TAX ADVICE for COLLEGE Students and Parents

Q: Are student loans tax deductible? How can college students save on their taxes?

A: The federal government offers several tax breaks for students and their parents. Be sure to consult your tax advisor to determine whether you may take advantage of any of these incentives.

Education Loan Interest Deduction
If you are making loan payments, you can deduct up to $2,500 in interest payments on one or more qualifying education loans.

Interest paid while a loan is not in repayment (such as forbearance or deferment) is also deductible. The deduction is an adjustment to income; you can claim it even if you do not itemize tax deductions.

You cannot claim the deduction if your parents claim you as a dependent on their taxes. Eligibility is phased out for unmarried taxpayers with annual gross income of $55,000 to $70,000 (and $110,000 to $140,000 for joint filers).

HOT TAX TIP: If parents are making student loan payments on behalf of their child, the child can benefit greatly from a tax perspective. Generally, you can only deduct student loan interest payments if you, personally are legally required to repay that debt. However, if parents make student loan payments for their child, the IRS treats it as though the money was given to the child, who in turn paid the debt. In this way, a child who is not claimed as a dependent can qualify to deduct up to $2,500 of the student loan interest paid by mom and dad. And the student does not have to itemize to use this money-saver!!! This is a huge benefit if you can take advantage of it.

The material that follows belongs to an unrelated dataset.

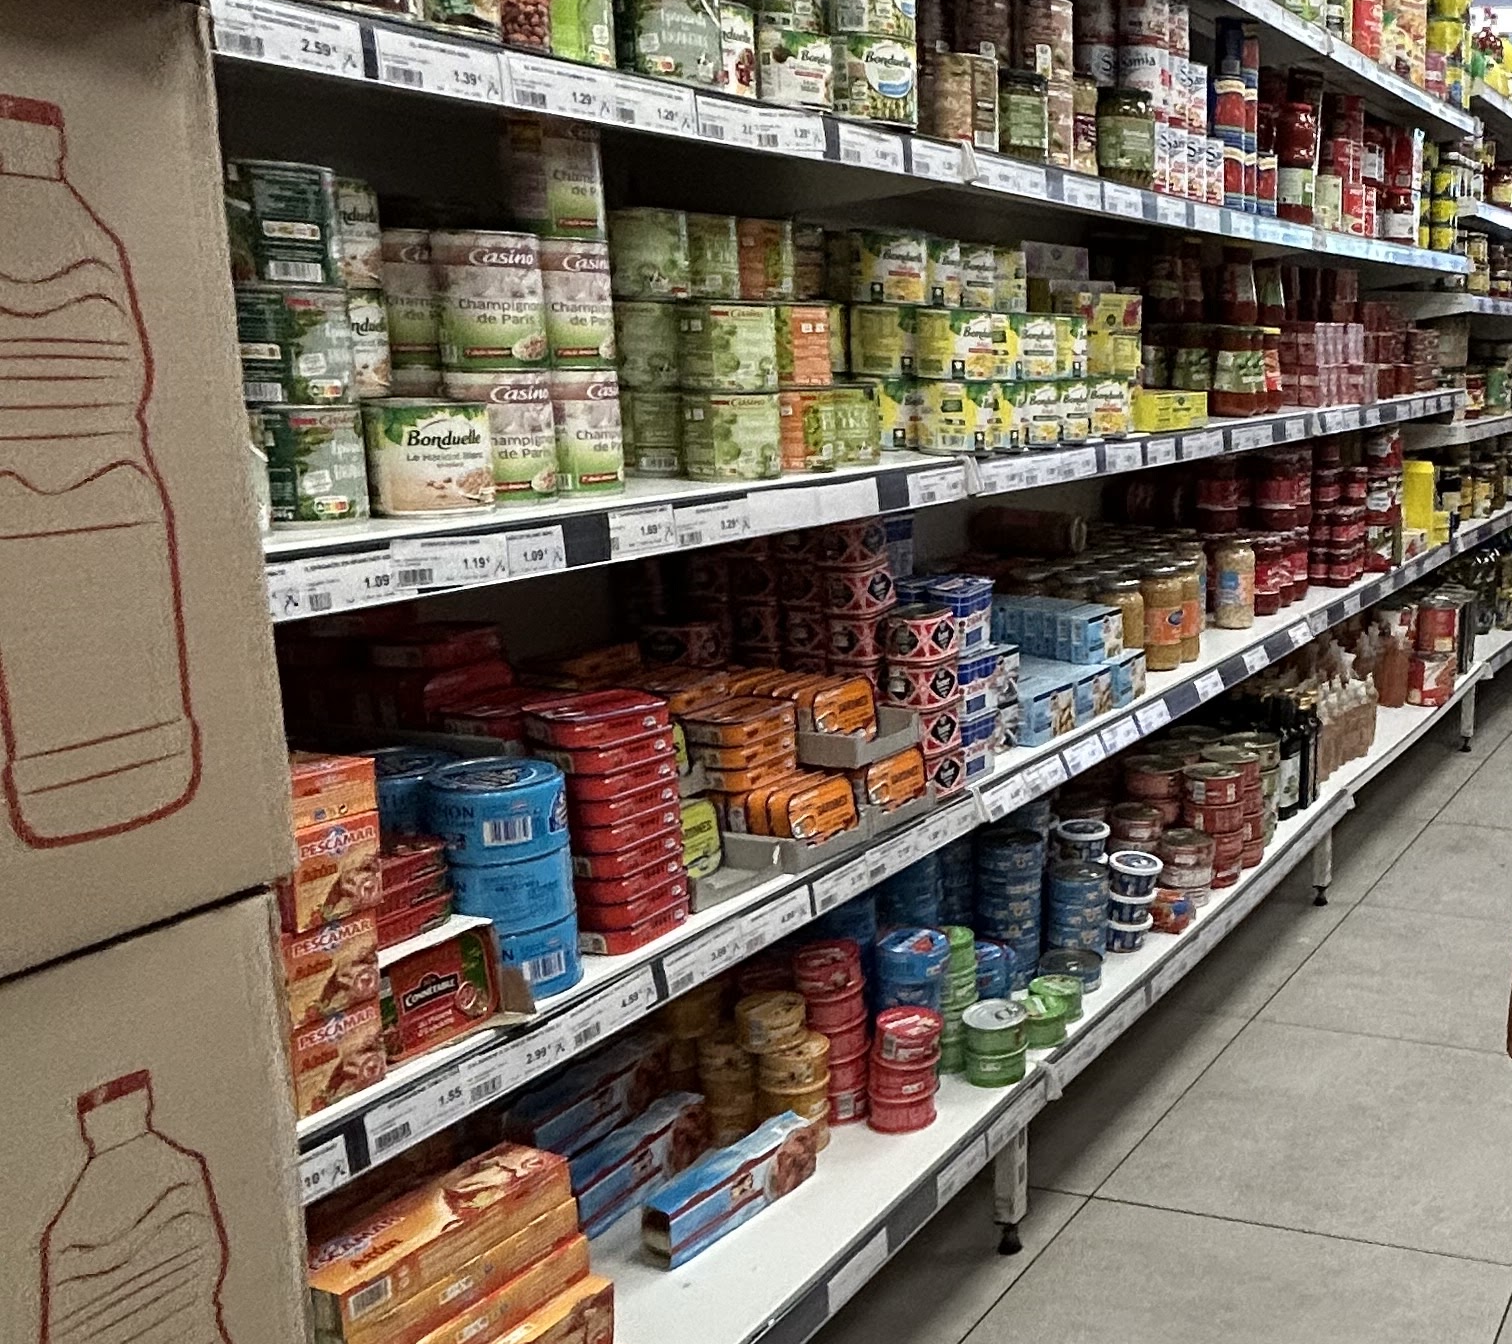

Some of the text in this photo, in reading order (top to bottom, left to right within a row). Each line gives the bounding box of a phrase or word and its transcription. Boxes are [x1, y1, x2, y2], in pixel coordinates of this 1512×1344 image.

HOPE and Lifetime Learning Tax Credits
These programs reduce the amount of your federal taxes based on qualifying out-of-pocket educational expenses paid for yourself, your spouse or your dependent child. Qualifying out-of-pocket expenses include tuition and fees less any grants and scholarships received. It does not include room, board, books, and transportation.

Only one taxpayer (either the student or the parent) may claim this tax credit. Also, only one of these tax credits may be claimed per tax year.

HOPE Tax Credit: With this credit, you can claim a tax credit of up to $1,650 for each qualifying family member who is attending an eligible school.

That amount represents 100% of the first $1,000 of your out-of-pocket educational expenses for each student, plus 50% of the next $1,000.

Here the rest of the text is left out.